What to produce: Filter the records below for the word "ANKARA". Copy each line that holds it.

↓↓↓

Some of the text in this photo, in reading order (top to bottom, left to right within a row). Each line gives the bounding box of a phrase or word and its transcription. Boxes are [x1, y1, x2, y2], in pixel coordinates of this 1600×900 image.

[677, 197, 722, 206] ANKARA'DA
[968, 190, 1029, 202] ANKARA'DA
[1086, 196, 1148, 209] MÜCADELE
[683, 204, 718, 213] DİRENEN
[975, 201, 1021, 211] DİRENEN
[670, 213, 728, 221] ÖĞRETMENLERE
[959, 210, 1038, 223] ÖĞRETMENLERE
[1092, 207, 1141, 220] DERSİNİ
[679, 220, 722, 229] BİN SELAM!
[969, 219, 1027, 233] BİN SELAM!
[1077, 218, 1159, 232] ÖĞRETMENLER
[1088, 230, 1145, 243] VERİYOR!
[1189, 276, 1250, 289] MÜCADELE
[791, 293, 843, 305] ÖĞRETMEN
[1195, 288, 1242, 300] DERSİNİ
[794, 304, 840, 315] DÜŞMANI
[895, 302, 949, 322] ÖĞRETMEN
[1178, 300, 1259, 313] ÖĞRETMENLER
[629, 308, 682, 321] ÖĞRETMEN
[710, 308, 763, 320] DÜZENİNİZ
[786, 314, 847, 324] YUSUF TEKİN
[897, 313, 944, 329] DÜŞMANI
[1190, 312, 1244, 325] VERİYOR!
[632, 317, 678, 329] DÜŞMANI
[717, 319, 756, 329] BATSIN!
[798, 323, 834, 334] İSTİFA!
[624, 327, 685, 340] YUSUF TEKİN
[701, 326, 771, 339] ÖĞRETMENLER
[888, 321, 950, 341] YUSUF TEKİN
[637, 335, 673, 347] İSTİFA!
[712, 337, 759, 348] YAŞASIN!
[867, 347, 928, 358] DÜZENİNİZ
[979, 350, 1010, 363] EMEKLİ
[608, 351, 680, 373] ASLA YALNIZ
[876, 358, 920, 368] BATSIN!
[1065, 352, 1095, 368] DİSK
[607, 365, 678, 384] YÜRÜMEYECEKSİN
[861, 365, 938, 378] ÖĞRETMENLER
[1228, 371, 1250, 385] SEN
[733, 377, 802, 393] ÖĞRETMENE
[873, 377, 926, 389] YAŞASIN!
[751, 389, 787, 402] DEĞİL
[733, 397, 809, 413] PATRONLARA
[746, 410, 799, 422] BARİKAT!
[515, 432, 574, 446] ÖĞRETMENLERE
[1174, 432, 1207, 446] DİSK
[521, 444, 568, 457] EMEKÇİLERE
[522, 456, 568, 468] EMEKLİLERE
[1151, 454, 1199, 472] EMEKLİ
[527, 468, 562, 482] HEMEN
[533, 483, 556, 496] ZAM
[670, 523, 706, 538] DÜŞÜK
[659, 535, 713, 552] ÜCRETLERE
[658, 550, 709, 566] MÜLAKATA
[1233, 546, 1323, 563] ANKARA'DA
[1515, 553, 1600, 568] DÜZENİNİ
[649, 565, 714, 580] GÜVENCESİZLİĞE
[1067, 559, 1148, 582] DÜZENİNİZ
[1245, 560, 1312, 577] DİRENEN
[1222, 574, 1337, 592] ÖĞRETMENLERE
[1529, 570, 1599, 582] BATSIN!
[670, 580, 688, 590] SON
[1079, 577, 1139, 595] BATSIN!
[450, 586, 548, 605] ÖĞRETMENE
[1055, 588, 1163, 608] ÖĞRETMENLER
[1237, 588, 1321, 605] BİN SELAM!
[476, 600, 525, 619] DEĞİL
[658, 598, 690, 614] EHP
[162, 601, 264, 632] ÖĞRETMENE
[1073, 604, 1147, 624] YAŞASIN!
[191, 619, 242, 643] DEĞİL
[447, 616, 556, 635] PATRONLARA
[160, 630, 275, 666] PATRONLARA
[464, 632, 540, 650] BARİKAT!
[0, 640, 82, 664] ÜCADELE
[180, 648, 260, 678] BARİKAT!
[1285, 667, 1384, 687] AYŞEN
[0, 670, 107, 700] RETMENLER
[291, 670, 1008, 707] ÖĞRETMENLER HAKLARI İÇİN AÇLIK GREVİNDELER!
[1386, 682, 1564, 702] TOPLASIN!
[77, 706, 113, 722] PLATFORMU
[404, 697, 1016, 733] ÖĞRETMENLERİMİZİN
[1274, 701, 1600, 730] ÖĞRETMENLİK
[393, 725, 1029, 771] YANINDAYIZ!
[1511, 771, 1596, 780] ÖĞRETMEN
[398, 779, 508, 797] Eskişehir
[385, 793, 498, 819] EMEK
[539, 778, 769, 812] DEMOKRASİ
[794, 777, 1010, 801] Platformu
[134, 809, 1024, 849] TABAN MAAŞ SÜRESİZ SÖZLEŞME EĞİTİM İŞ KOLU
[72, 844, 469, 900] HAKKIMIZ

↑↑↑

Written response:
[677, 197, 722, 206] ANKARA'DA
[968, 190, 1029, 202] ANKARA'DA
[1233, 546, 1323, 563] ANKARA'DA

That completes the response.